All in all, I believe that coaching will be part of the solution, but not the whole solution. Right now, because of its lack of regulation, the coaching field has more room to innovate in training models than the therapy field, and that’s a good thing. But coaching is also limited because coaches aren’t licensed or trained to treat mental illness.
Moving Forward
I don’t know what the future of therapist training will look like, but I suspect the current machine won’t last long before grinding to a halt. It’s too expensive. It’s not very effective. And AI will rock the world of therapy in unpredictable ways. But there will always be a need for human beings with real wisdom and empathy. How we train them is an open question: perhaps there will be profusion of private institutes, apprenticeship programs, coach trainings, wisdom schools, and modern monasteries—let a thousand flowers bloom.

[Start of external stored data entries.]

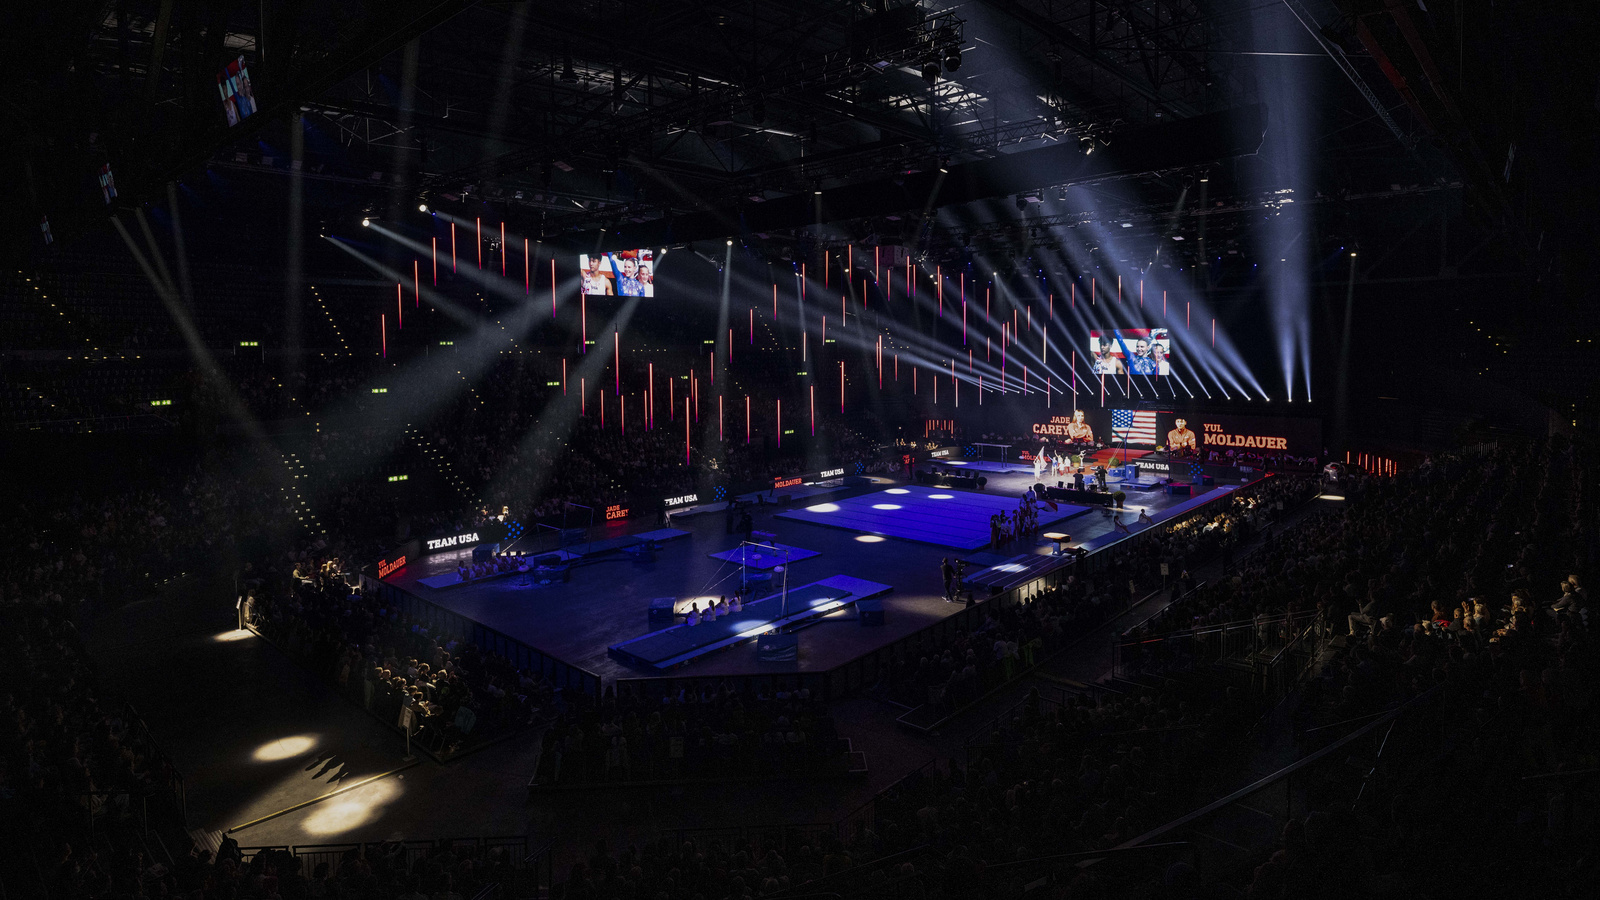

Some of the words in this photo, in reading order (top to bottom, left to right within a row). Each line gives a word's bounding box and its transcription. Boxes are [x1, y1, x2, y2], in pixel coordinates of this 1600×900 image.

[1033, 423, 1069, 435] CAREY
[1203, 423, 1223, 432] YUL
[1203, 433, 1287, 449] MOLDAUER
[820, 470, 834, 478] TEAM
[774, 478, 802, 488] MOLDAUER
[684, 494, 698, 502] USA
[427, 537, 457, 549] TEAM
[458, 532, 479, 543] USA
[378, 555, 406, 579] MOLDAUER

If there’s one thing I’ve learned from my 12 years as a therapist, it’s that resilience in the face of change (in this case, massive, unpredictable, civilization-level change) requires psychological flexibility. Instead of sticking stubbornly to outdated, rigid structures, we must remain open to new ideas, make bold experiments, and find out what works.

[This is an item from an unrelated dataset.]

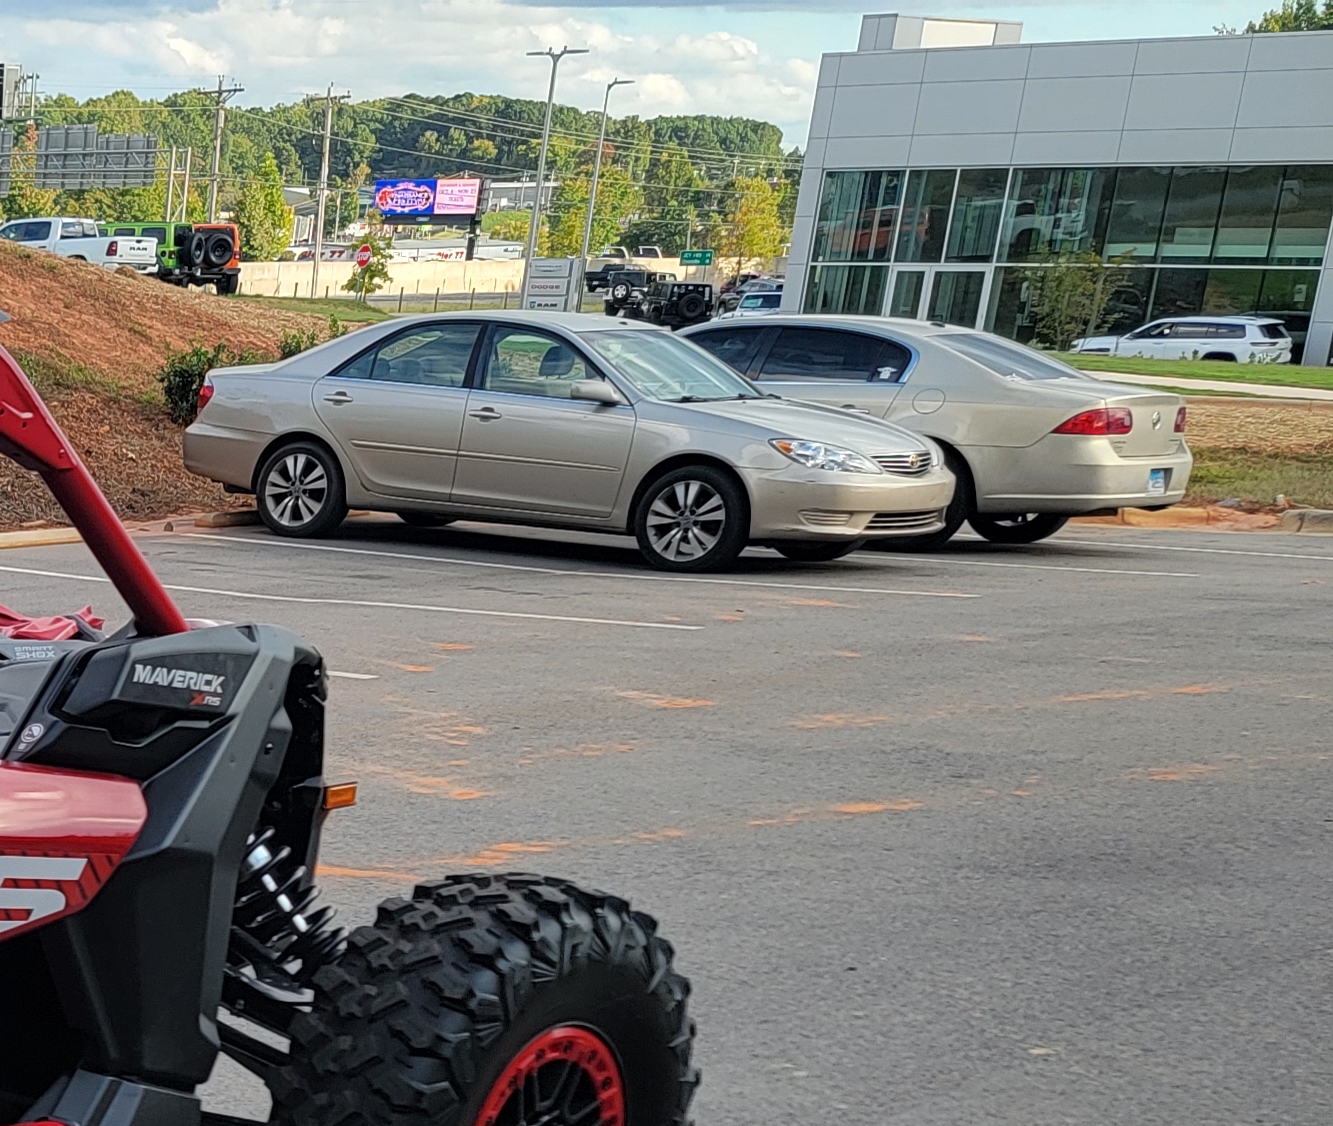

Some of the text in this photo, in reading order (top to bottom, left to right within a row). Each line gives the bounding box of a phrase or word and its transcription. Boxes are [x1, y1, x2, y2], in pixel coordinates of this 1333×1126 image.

That’s all for this week! As always, I appreciate your feedback on Mind, Meaning, and Magic. What do you think about the future of therapist training? What experiences have you had with therapists or coaches? How will AI impact our fields? Let me know in the comments.
As always, thanks for reading,
Chris Cordry, LMFT
I've had pretty good experiences with licensed therapists. I did not have a good experience with a life coach. There was a huge difference in professionalism that I didn't realize I had gotten used to with therapists. The life coach was trying to be my friend, wasn't available when he said he would be, breached confidentiality almost immediately. I fired him after 3 or so sessions.
I think what really bothers me about life coaches is there's no one to report them to if they're unethical. No one is watching them. There's no database to check to see if any of their clients have ever complained about them. I'm fine with psychotherapy training being shortened, altered, made cheaper, whatever as long as they still have to answer to a licensing board.
Hi Chris! I'm a new reader and currently in grad school to become a psychotherapist. I resonate with your perspective shift of "wisdom workers" and your article is helping me think about my current training and point it towards what would be most useful. I'm mostly interested in the transpersonal realm, and having had my own deep experiences with it, this is where my compass is pointing towards.
and ooooof yes to "not everyone should be a therapist." It truly does feel like a calling, and there's a clear difference between classmates who feel that and others who don't.